Your instructions: Make an exact copy of the whole listing, but leave its pictures out.

Records for the exercise:
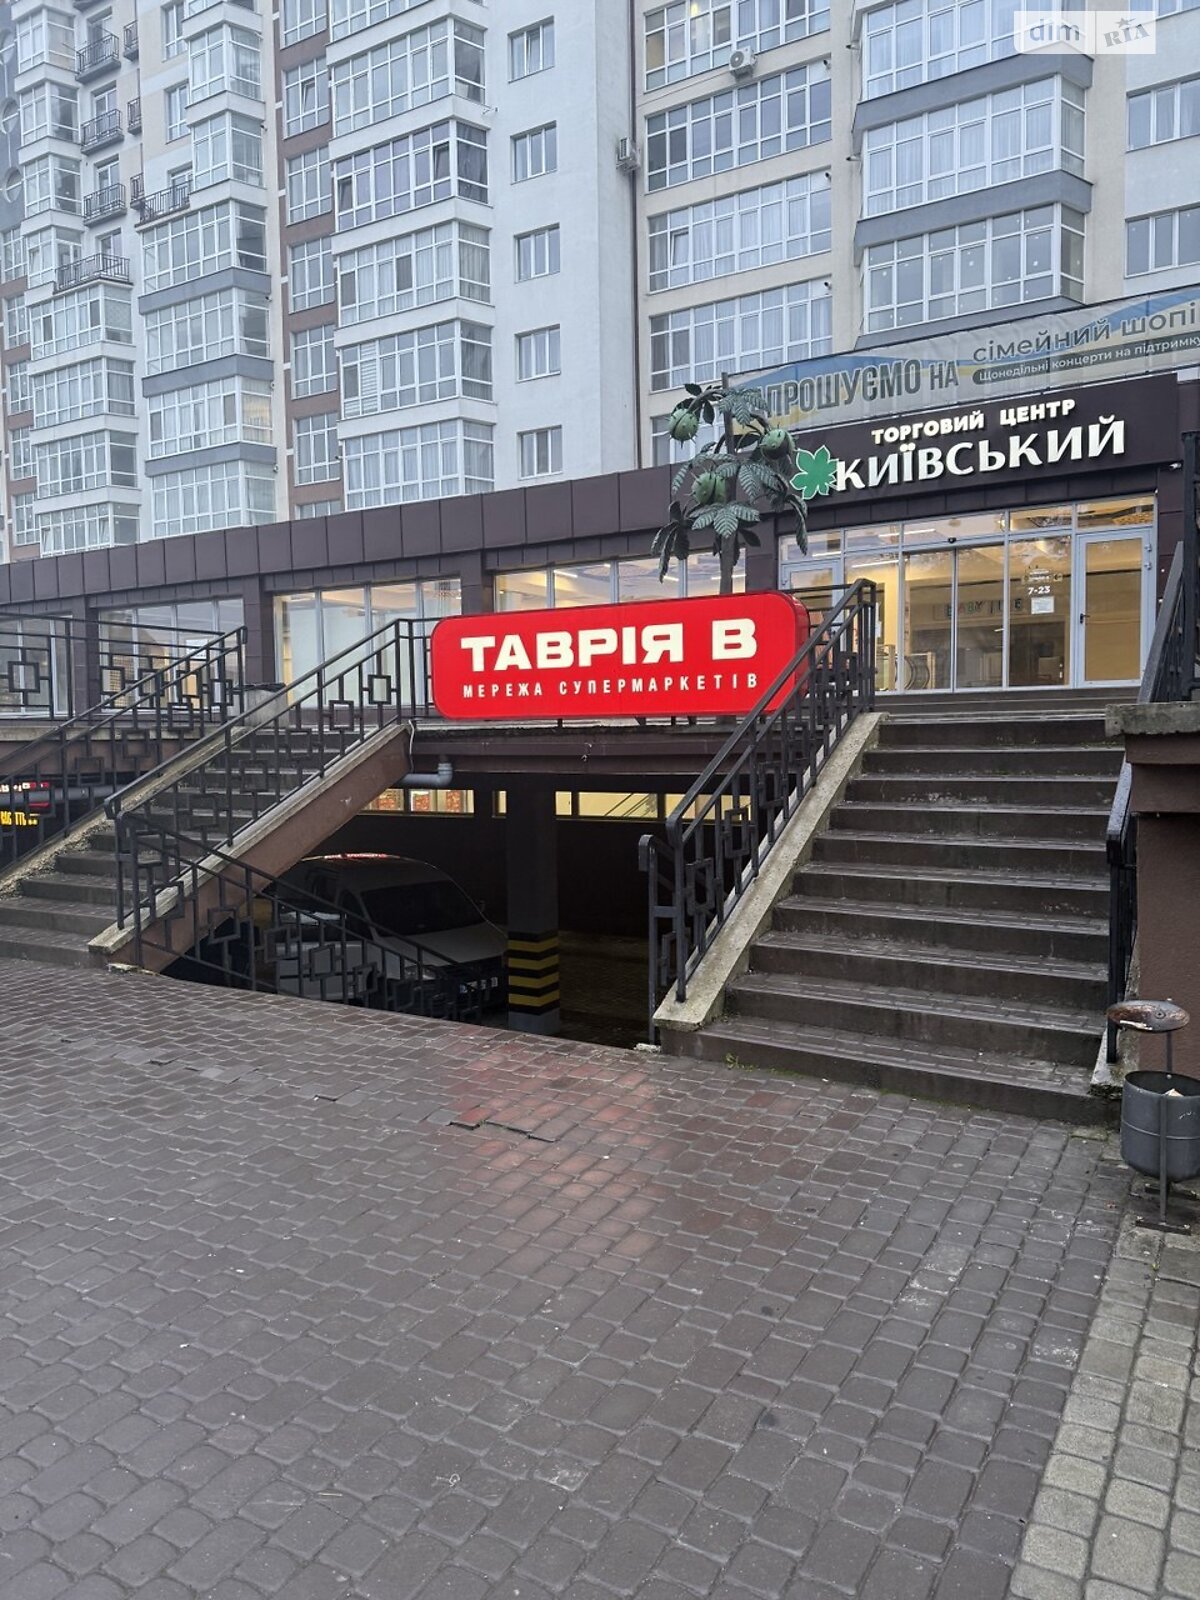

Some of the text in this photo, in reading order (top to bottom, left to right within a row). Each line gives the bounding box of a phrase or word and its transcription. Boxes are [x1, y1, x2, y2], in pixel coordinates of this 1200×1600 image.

[972, 317, 1111, 363] сімейний
[979, 357, 1049, 382] Щонедільні
[1051, 351, 1112, 370] концерти
[1115, 347, 1131, 358] на
[757, 359, 960, 418] ПРОШУЄМО НА
[871, 399, 1076, 445] ТОРГОВИЙ ЦЕНТР
[834, 415, 1127, 491] КИЇВСЬКИЙ
[1028, 585, 1051, 595] 7-23
[460, 618, 758, 672] ТАВРІЯ В
[463, 673, 758, 699] МЕРЕЖА СУПЕРМАРКЕТІВ

Finished task:
Some of the text in this photo, in reading order (top to bottom, left to right within a row). Each line gives the bounding box of a phrase or word and its transcription. Boxes are [x1, y1, x2, y2], in pixel coordinates of this 1200×1600 image.

[972, 317, 1111, 363] сімейний
[979, 357, 1049, 382] Щонедільні
[1051, 351, 1112, 370] концерти
[1115, 347, 1131, 358] на
[757, 359, 960, 418] ПРОШУЄМО НА
[871, 399, 1076, 445] ТОРГОВИЙ ЦЕНТР
[834, 415, 1127, 491] КИЇВСЬКИЙ
[1028, 585, 1051, 595] 7-23
[460, 618, 758, 672] ТАВРІЯ В
[463, 673, 758, 699] МЕРЕЖА СУПЕРМАРКЕТІВ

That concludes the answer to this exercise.